19. The method of claim 18 , further comprising receiving a request from a receiving endpoint for a desired spatial resolution of an output video signal at the conference bridge .

The method of claim 18 , further comprising including source identification information and other information via one of an in-band bit stream and an out-of-band bit stream sent by the conference bridge .

In the conference bridge, the information carried in the Source Identification information or other, (1) pixel of the partial regions of the composite signals allocated to each participant in the signals, (2) the transmission participant's video The method of claim 18 , further comprising overwriting one of the pixels of the portion of the composite signal region that is not assigned to any of the signals.

Using the conference bridge ,
Statistically multiplexing video signals from multiple transmission endpoints;
In order to shift larger than average video pictures in the composite output video signal, the method further comprising the step of complying with a bandwidth condition by at least one of synthesizing and transmitting the video signal received from the transmission endpoint. The method of claim 18 comprising.

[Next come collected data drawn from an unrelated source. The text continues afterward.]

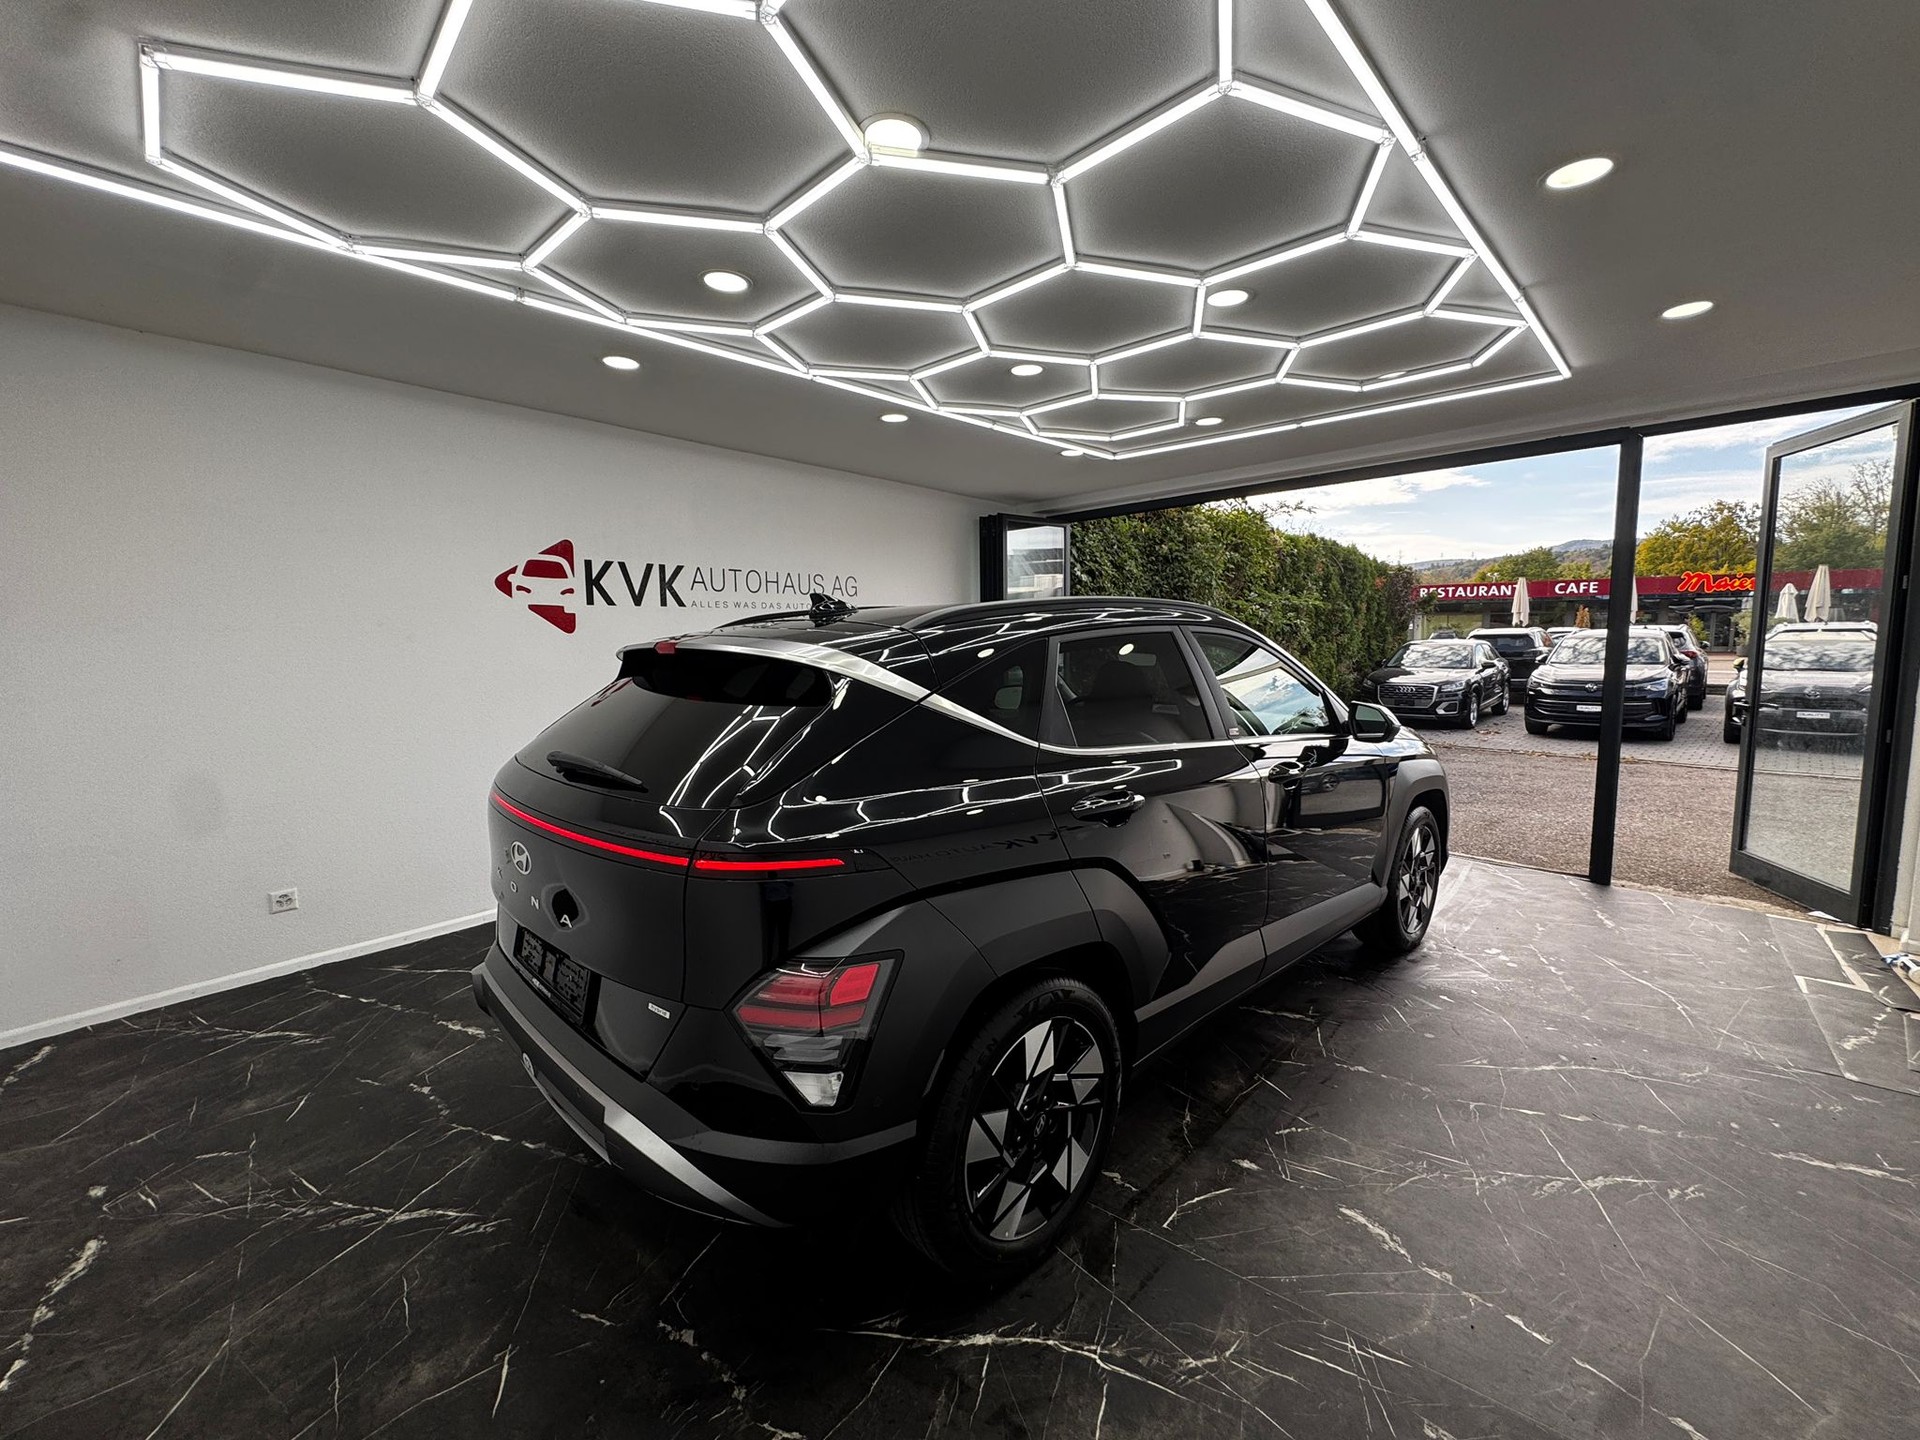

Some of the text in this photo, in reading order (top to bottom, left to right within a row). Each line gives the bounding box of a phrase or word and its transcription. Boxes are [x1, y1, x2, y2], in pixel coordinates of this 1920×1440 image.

[583, 559, 858, 608] KVK AUTOHAUS AG
[1554, 581, 1599, 595] CAFE
[691, 600, 729, 609] ALLES
[733, 601, 757, 610] WAS
[761, 601, 782, 610] DAS

The step of responding to bandwidth conditions using the conference bridge further comprises:
The encoded picture data received from the at least one transmission endpoint is replaced with the encoded data indicated by the at least one reception endpoint so as to duplicate corresponding pixel data from a previous picture. Changing the bit rate of the combined composite output signal;
19. The method of claim 18 , comprising transmitting the replacement encoded data so that the output bit rate can match a desired characteristic.

19. The conference bridge of claim 18, further configured to generate an input video signal by generating artificial layer data for at least one of the video signals of the transmitting endpoint. Method.

A computer-readable medium having a program for causing a computer to execute the method according to any one of claims 18 to 34.